¡LA SELVA ES FANTÁSTICA!

¡Oh, sí, estoy de acuerdo!: la selva es un lugar maravilloso, un escenario perfecto para escribir fábulas y cuentos fantásticos. Lo tiene absolutamente todo (siempre relativamente hablando, por supuesto).
¡Oh, sí, estoy de acuerdo!: un personaje puede ser observado desde cualquier ángulo, a cualquier distancia y altura (siempre tridimensionalmente hablando, por supuesto). Las posibilidades de ser acechado por cualquier amenaza (conocida o no por el hombre) desde detrás de la vegetación u observado por algún ser protector (mágico y/o nativo y/o ambos y/o no) desde la rama de un árbol, solamente son dos ejemplos de la tensión (siempre figurativamente hablando, por supuesto) que se puede generar en este ambiente.
¡Oh, sí, estoy de acuerdo!: situaciones inverosímiles y criaturas de cualquier tipo (animales prehistóricos, espíritus de la selva, primates con intenciones de desarrollar el turismo en la zona, Chuck Norris, etc.) pueden ser acogidas por la espesura de la vegetación de este paraje, tanto de día como de noche. ¡Y los ruidos..!. La paleta de colores con la que podemos pintar nuestro lienzo sonoro es bastante amplia (siempre acústicamente hablando, por supuesto): de la blanca espuma de la caída de una cascada hasta el negro rugido de una pantera, pasando por las variopintas volutas de los cantos de las aves, las rojas detonaciones rectilíneas de unos disparos guerrilleros, el monocromático código Morse de ciertos insectos recelosos de su intimidad y/o/¿eh?/¡ah!/u otras fuentes de coloración sónica (siempre metafóricamente hablando, por supuesto).

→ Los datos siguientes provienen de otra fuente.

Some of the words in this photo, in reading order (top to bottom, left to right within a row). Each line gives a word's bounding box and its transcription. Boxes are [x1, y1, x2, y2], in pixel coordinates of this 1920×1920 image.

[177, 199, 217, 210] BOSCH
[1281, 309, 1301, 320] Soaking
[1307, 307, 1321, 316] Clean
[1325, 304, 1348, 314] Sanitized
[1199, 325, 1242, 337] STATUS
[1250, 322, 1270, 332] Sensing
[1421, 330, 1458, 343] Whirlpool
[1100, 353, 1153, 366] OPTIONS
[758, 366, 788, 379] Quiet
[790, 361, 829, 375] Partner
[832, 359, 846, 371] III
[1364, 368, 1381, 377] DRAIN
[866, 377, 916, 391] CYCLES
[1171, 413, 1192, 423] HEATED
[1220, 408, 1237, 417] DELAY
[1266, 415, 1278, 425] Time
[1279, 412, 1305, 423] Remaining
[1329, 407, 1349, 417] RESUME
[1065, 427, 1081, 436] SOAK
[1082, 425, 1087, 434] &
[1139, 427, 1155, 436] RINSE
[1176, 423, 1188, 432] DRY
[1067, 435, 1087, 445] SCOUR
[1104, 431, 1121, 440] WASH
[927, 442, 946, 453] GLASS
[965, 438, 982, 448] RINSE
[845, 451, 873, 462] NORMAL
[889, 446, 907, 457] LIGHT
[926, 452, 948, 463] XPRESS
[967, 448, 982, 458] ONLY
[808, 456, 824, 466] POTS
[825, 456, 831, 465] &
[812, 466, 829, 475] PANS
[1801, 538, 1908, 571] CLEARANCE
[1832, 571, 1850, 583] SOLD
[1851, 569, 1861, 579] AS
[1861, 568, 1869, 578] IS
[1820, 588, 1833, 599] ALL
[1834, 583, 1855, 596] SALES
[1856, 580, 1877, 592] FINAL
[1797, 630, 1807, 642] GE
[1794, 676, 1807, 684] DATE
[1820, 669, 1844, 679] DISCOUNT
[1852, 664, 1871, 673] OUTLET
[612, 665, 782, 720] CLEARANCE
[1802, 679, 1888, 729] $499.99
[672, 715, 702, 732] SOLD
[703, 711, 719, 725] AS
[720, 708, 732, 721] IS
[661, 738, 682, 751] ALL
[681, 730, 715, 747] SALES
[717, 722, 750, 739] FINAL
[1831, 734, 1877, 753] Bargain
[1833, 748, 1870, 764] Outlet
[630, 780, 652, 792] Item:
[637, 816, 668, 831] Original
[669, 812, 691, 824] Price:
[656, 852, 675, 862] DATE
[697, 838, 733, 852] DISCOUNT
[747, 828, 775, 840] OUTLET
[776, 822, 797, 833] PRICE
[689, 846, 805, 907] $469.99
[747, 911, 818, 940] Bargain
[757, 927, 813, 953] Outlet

¡Oh, sí, estoy de acuerdo!: la temporalidad de la selva es muy versátil, permite jugar con épocas lejanas, en cualquiera de los dos sentidos: hacia allá o hacia allá (siempre linealmente hablando, por supuesto).
¿Qué no puede pasar en la selva? ¡Oh, sí!: yo diría que absolutamente casi todo puede justificarse (siempre cuentofantásticamente hablando, por supuesto). La magia puede suceder o ocurrir si situamos u ubicamos a nuestros personajes en este escenario tan generoso para con la trama.
¡Oh, sí, estoy de acuerdo!: veamos un relato de Charles-Antoine Duré (con acento en la e) donde se ve claramente… algo:

El ingeniero volvía a las profundidades de la selva con la conocida misión de supervisar kilómetros y kilómetros de un inestable gasoducto y con la secreta esperanza de que un error ajeno no lo hiciera volar por los aires (algo que todo ser humano anhela, aunque no dedique el tiempo suficiente a este pensamiento). Su compañero se había quedado rezagado recolectando hojas idóneas para reemplazar al olvidado rollo de papel higiénico, que estaría descansando con su doble capa en el hotel de la capital. No era recomendable separarse en este páramo pero la velocidad de lectura de su compañero era más lenta que sus intestinos y su libro “La sabia savia y su manía de irse por las ramas” estaba sufriendo un crudo otoño editorial, deshojado sistemáticamente con cada reclamo digestivo.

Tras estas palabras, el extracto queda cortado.